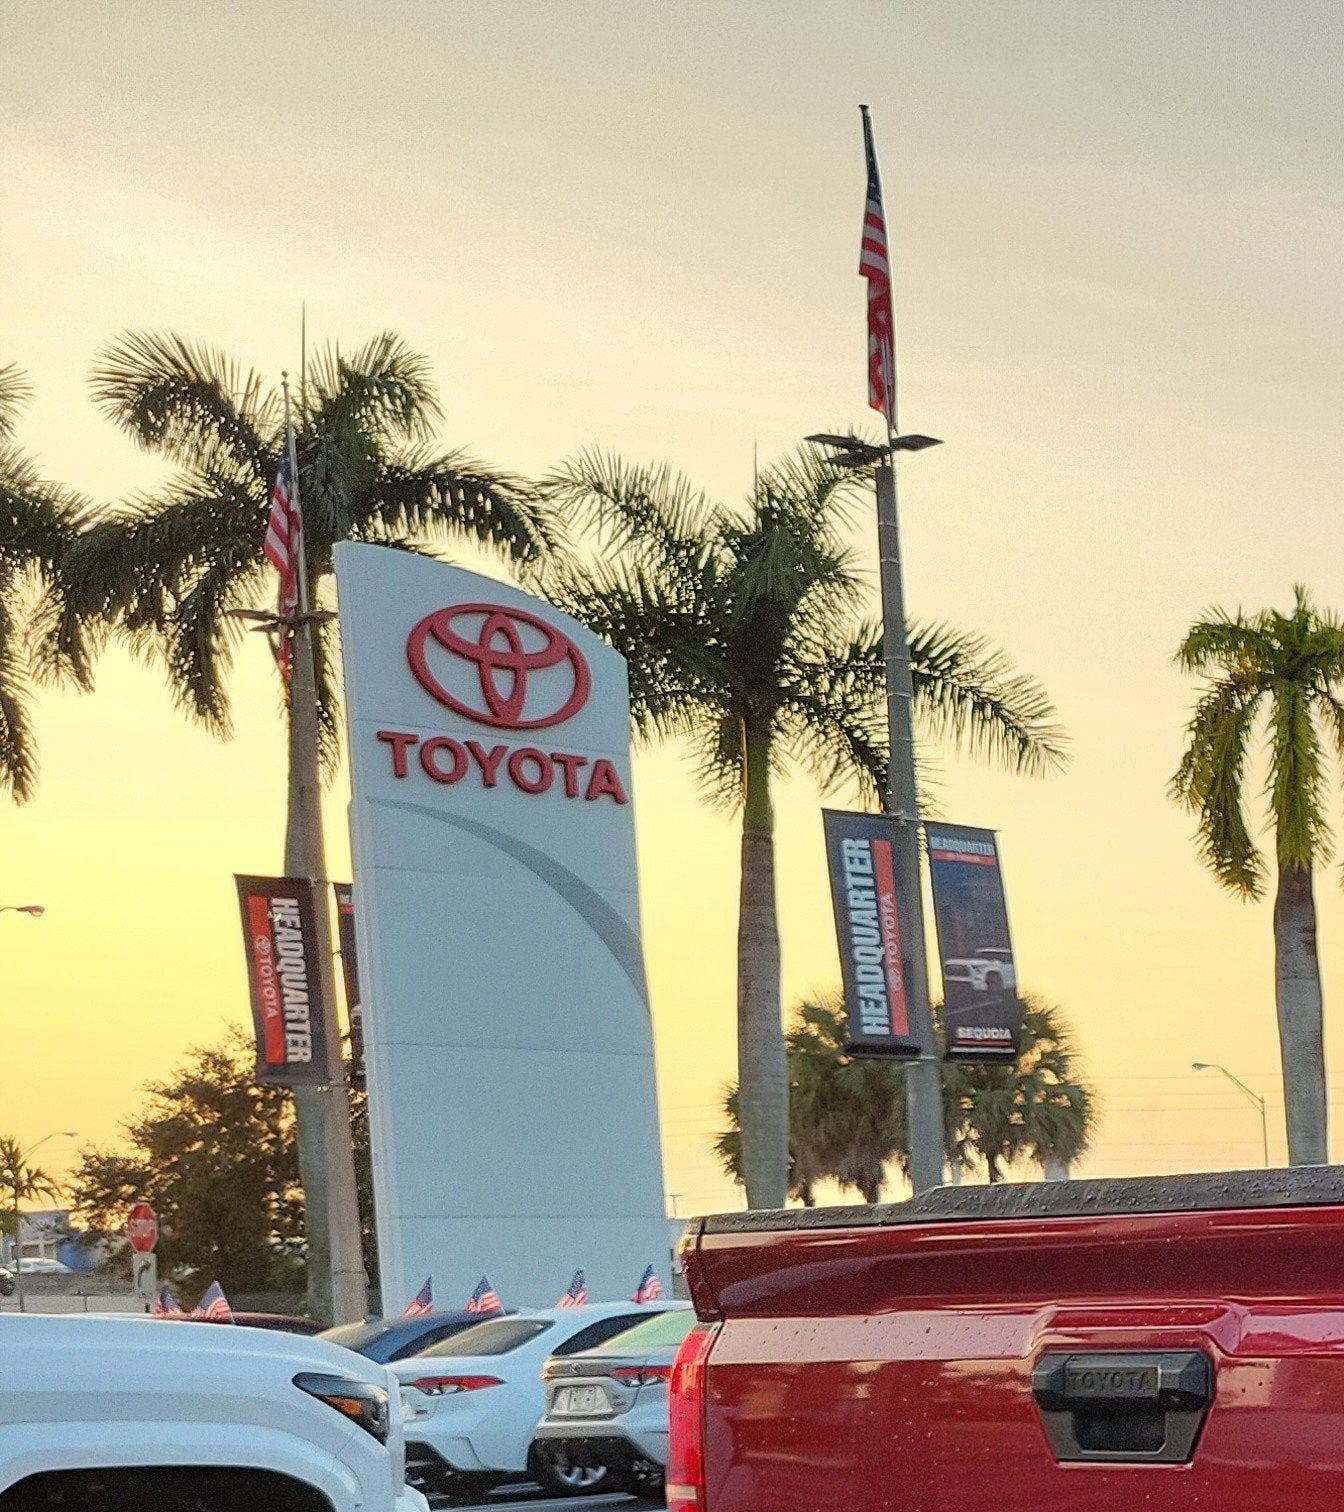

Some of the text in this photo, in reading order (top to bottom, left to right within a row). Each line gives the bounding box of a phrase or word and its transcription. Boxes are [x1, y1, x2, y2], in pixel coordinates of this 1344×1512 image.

[377, 730, 627, 804] TOYOTA
[841, 837, 890, 1035] HEADQUARTER
[879, 893, 901, 965] TOYOTA
[259, 957, 280, 1019] TOYOTA
[270, 897, 312, 1063] HEADQUARTER
[957, 1026, 1012, 1040] SEQUOIA
[1069, 1370, 1152, 1391] TOYOTA
----------------
**Exercise requirements:**
Quote the data above in full, leaving out the pictures it holds.

**Output of the task:**
Some of the text in this photo, in reading order (top to bottom, left to right within a row). Each line gives the bounding box of a phrase or word and its transcription. Boxes are [x1, y1, x2, y2], in pixel coordinates of this 1344×1512 image.

[377, 730, 627, 804] TOYOTA
[841, 837, 890, 1035] HEADQUARTER
[879, 893, 901, 965] TOYOTA
[259, 957, 280, 1019] TOYOTA
[270, 897, 312, 1063] HEADQUARTER
[957, 1026, 1012, 1040] SEQUOIA
[1069, 1370, 1152, 1391] TOYOTA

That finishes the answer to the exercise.